▶ **The problem**: From the first line to the last, copy the listing exactly and omit the pictures.

▶ **Recorded data**:
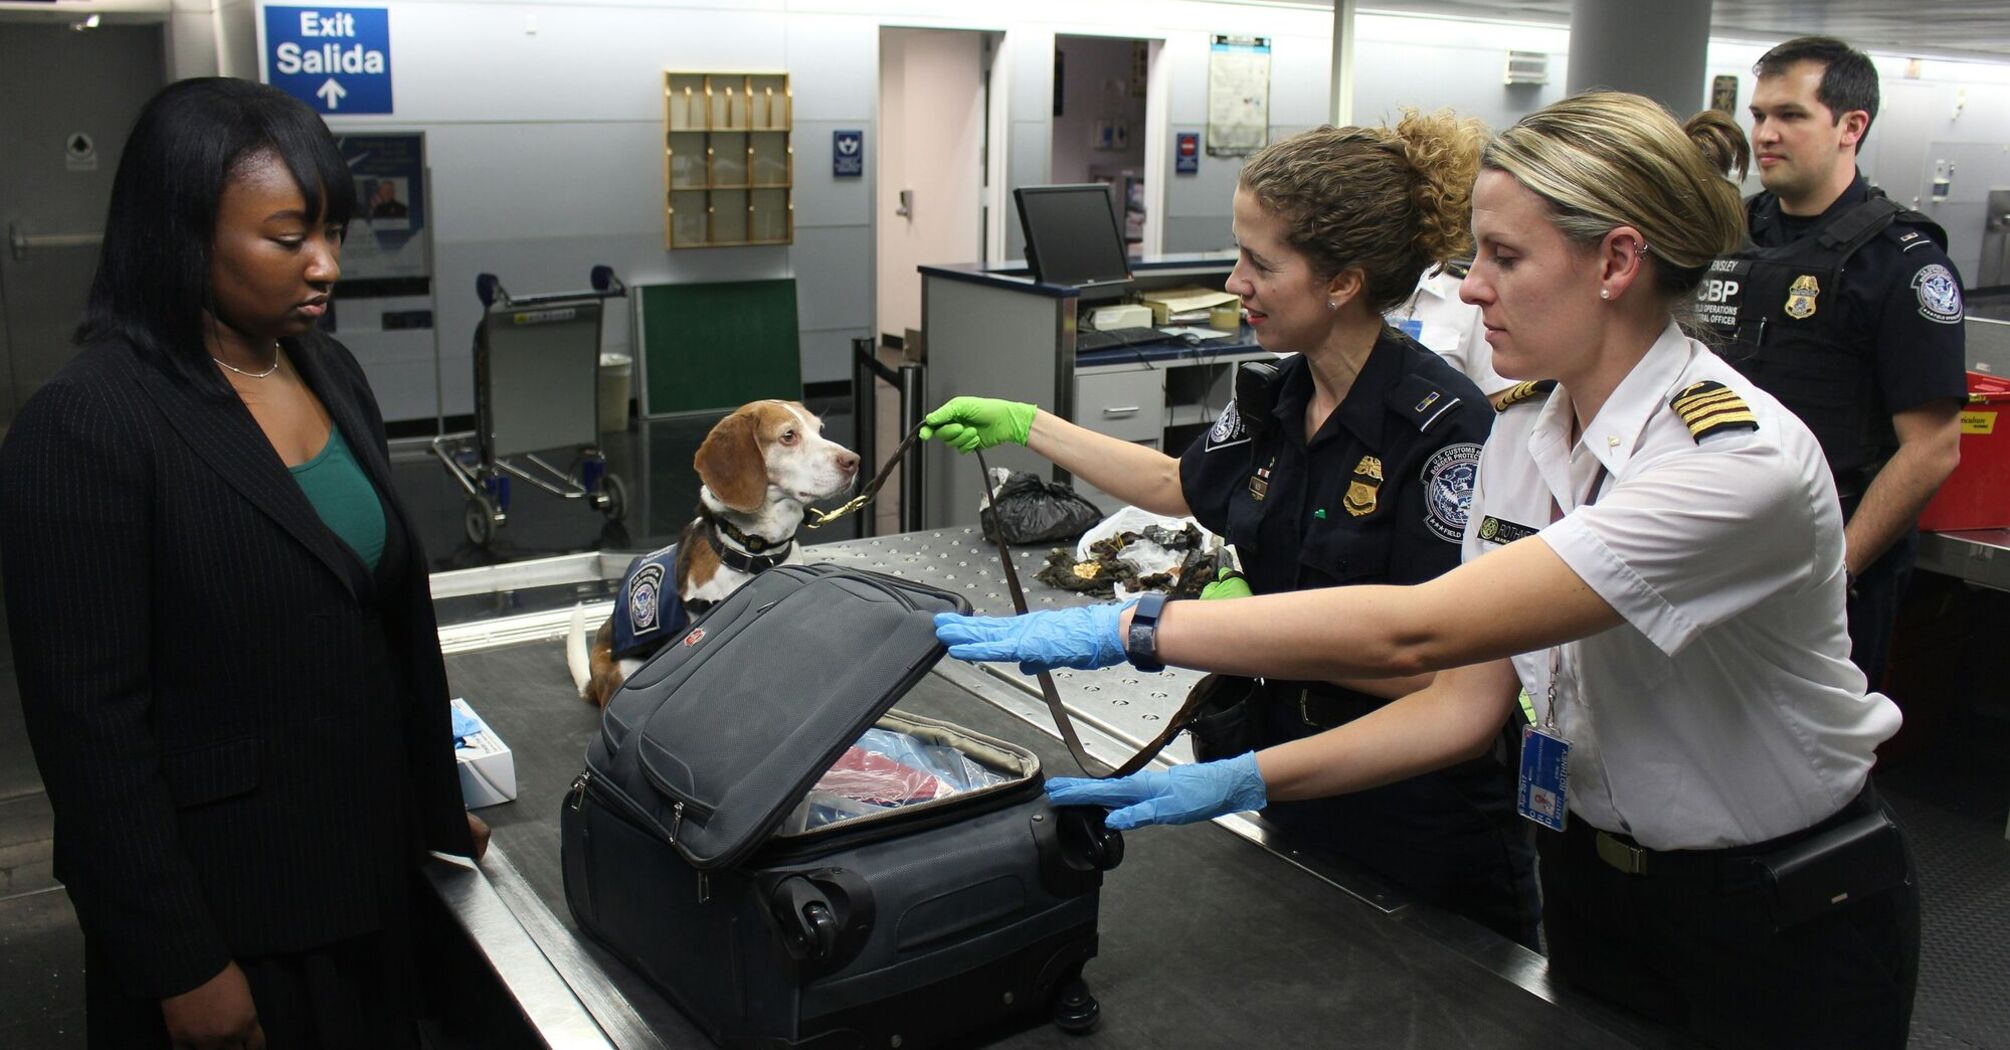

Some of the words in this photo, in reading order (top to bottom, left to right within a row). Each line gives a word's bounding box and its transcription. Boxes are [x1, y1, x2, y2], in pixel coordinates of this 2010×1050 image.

[300, 11, 355, 37] Exit
[276, 41, 384, 75] Salida
[1710, 259, 1739, 272] ENSLEY
[1703, 304, 1738, 316] OPERATIONS
[1710, 315, 1736, 326] OFFICER
[1445, 447, 1476, 457] CUSTOMS
[1430, 456, 1453, 475] BORDER
[1453, 453, 1479, 461] PROTEC
[1443, 528, 1461, 538] FIELD
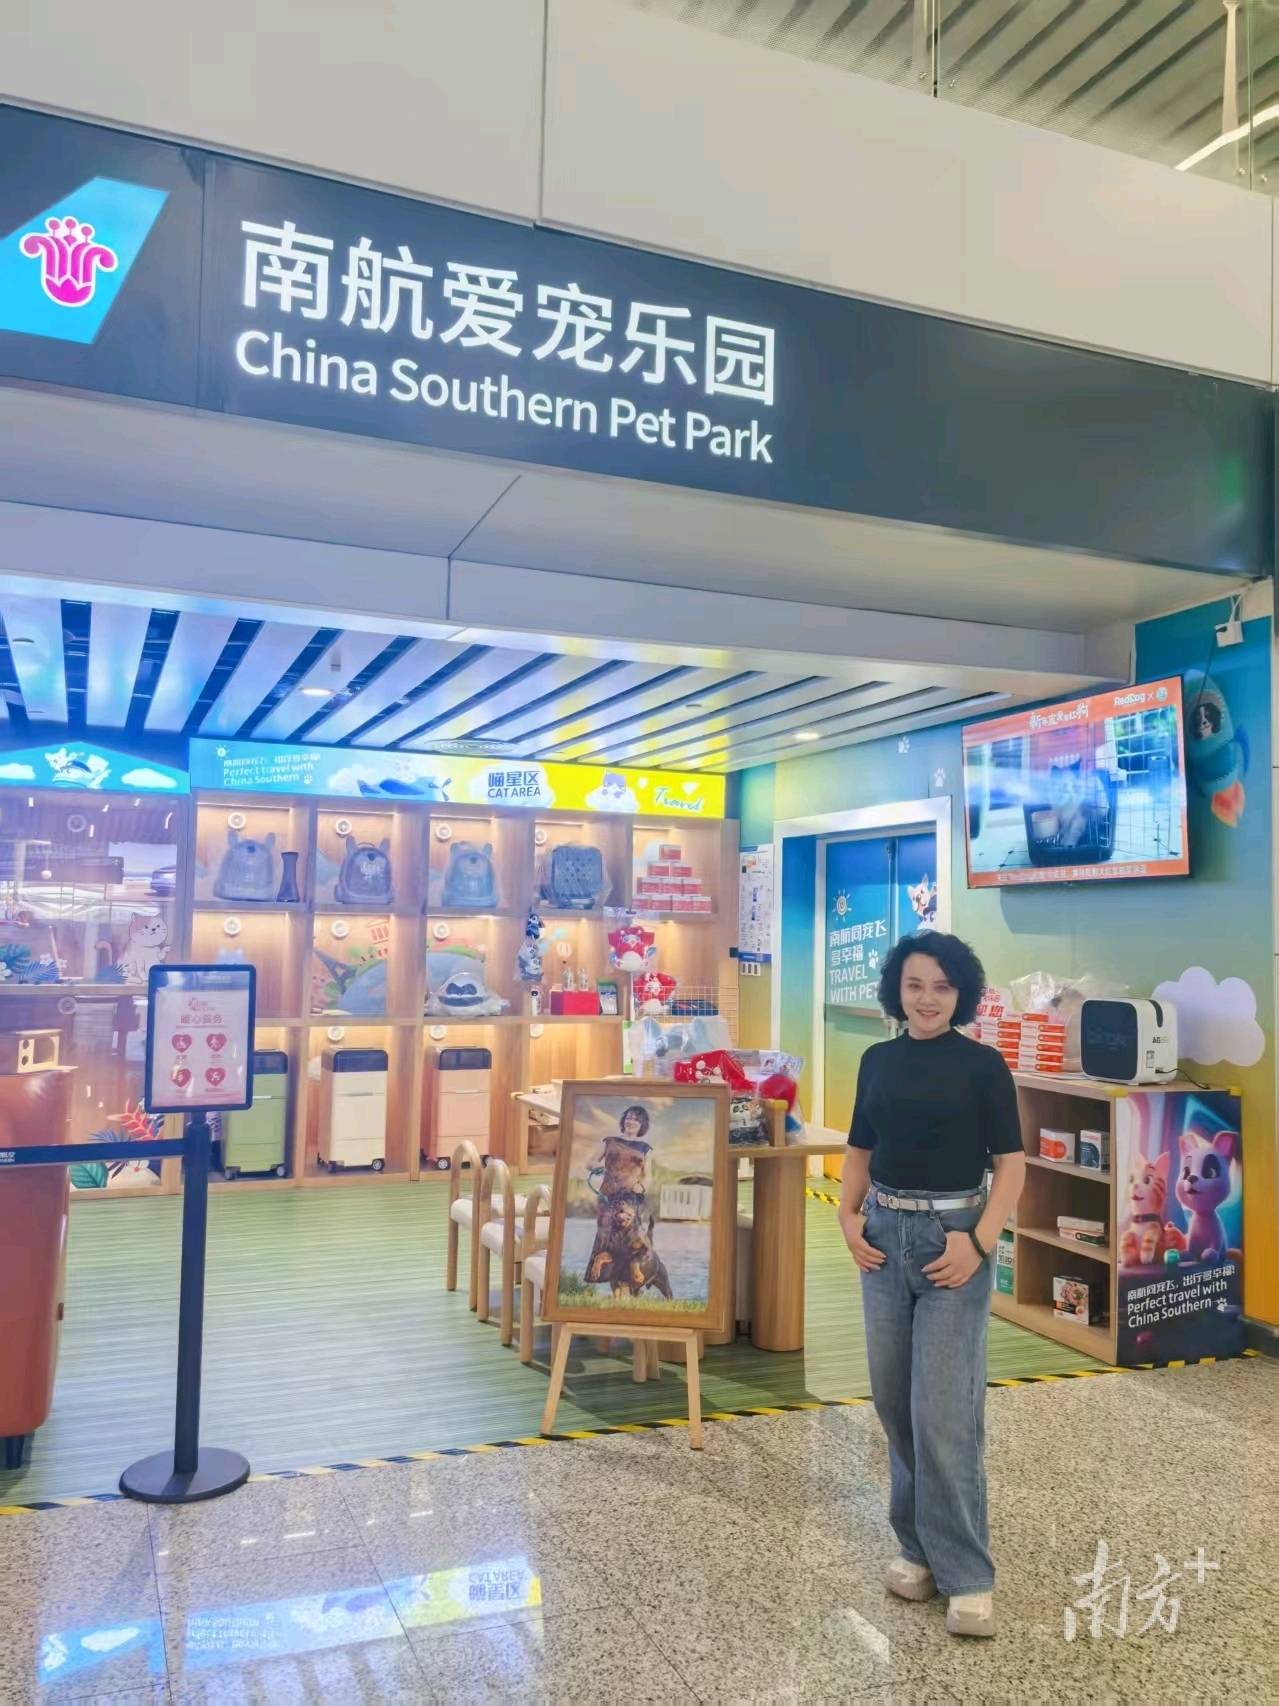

▶ **Written response**:
Some of the words in this photo, in reading order (top to bottom, left to right within a row). Each line gives a word's bounding box and its transcription. Boxes are [x1, y1, x2, y2], in pixel coordinates of this 2010×1050 image.

[300, 11, 355, 37] Exit
[276, 41, 384, 75] Salida
[1710, 259, 1739, 272] ENSLEY
[1703, 304, 1738, 316] OPERATIONS
[1710, 315, 1736, 326] OFFICER
[1445, 447, 1476, 457] CUSTOMS
[1430, 456, 1453, 475] BORDER
[1453, 453, 1479, 461] PROTEC
[1443, 528, 1461, 538] FIELD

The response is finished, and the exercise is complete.